Breakerbox



At Breakerbox — an energy consultant startup — I worked with the design team to bring one of IDEO CoLab’s first venture design projects from a concept to reality — a fully fleshed-out brand, ready to conquer the world. Collaborating with both a team at Exelon and IDEO teams, the Breakerbox crew iterated on countless versions of the product’s deisgn and marketing.
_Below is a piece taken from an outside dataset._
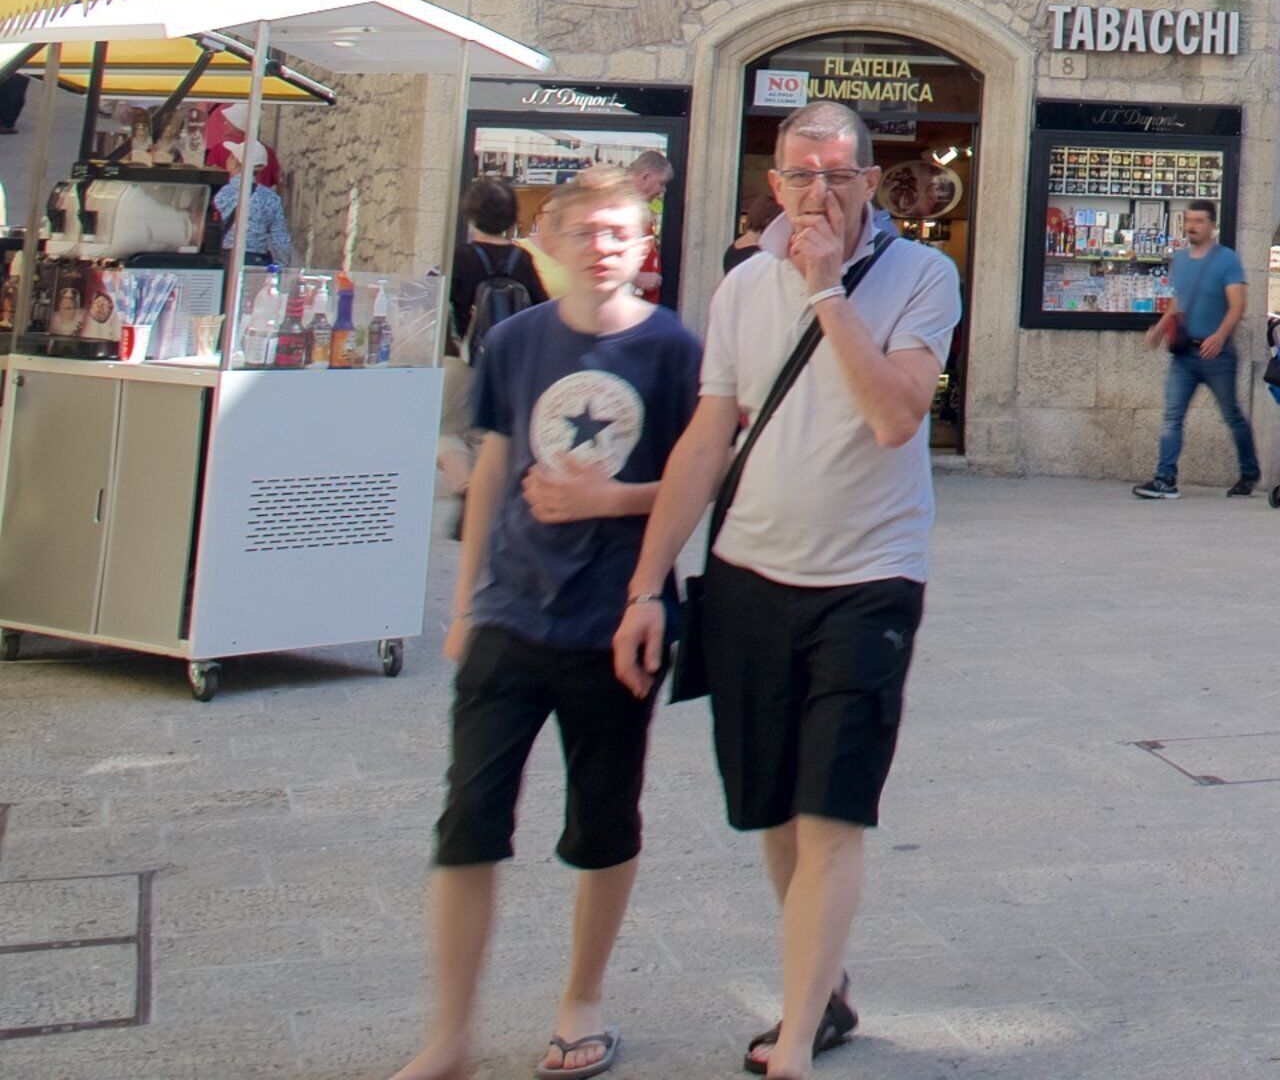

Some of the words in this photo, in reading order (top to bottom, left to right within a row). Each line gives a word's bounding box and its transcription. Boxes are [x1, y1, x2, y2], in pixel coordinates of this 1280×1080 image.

Role — Creative & Art Direction, Branding, Product Design, Illustration, User Research, Content Strategy, Front-End Development 


The product
The Breakerbox product evolved from being a standard energy marketplace to a digital energy consultancy that brings concierge level service to a digital buying experience. The world of energy brokerage lives in the dark ages– paper contracts and bills, back alley dealings with brokers that have hundreds of uneducated clientele, and one-and-done relationships with energy suppliers. Breakerbox is meant not only to get small and medium-sized business owners the best price on your energy supply, but also take a holistic approach to the management of their properties. With usage monitoring and insights on how to invest in optimizing a location, Breakerbox brings a long-term relationship to a short-term focused market.





The visual style
I worked with other IDEO collaborators on the Breakerbox brand & visual style, testing different illustrattion styles and data visualization patterns to find the right attitude for the product.

Logotype



Color Palette




Typeface




Single source of truth
Near the beginning of my time with Breakerbox, we hunkered down creating a design system in Figma from my initial components, and together the team put together auto-flow components and accessible versions of our color palettes.




Putting the fun in functionality
Breakerbox has a wide gamut of data types to represent, and needs to feel light enough for the user to engage with the data rather than be overwhelmed by it. For this reason, we adjusted the Breakerbox visual aesthetic to embrace more rounded organic forms rather than our initial isometric styling. Initial designs were rigid and complex, while the newer ones were more simplistic, squishy and lighter, with more intentional color association and animation rather than having unnecessary moments that tended to distract during user tests.


Iconography scribbles


 




At the speed of thought
The day-one version of the product itself takes a simple location based on-boarding approach, moving away from a dashboard driven experience and more towards seeing a a personalized set of contracts with a tool set to guide the user to seeing what the best fit for them is. From here we I worked with subject matter experts to understand the user flow.


User journey mapping



Iterative prototyping
We went through multiple iterations of this view over time, and even explored what it would look like after a users had purchased a contract.

Version 1


Version 2


Version 3



(Seeing market price)
Version 1


Version 2


Version 3

(Tracking usage)
Version 1


Version 2



The energy explainer
Something that we struggled with during the design process was a disparity in the audience for our product. We tried creating many different versions of an explainer for the process, making illustrations and diagrams, a web animation, and finally found a set of simple illustrations and animations that got the point across rather quickly in a way that wasn’t too distracting.




It was fun!
Working at Breakerbox and seeing the brand come to life has been very rewarding for me as a designer. I'm really proud of what I've done here.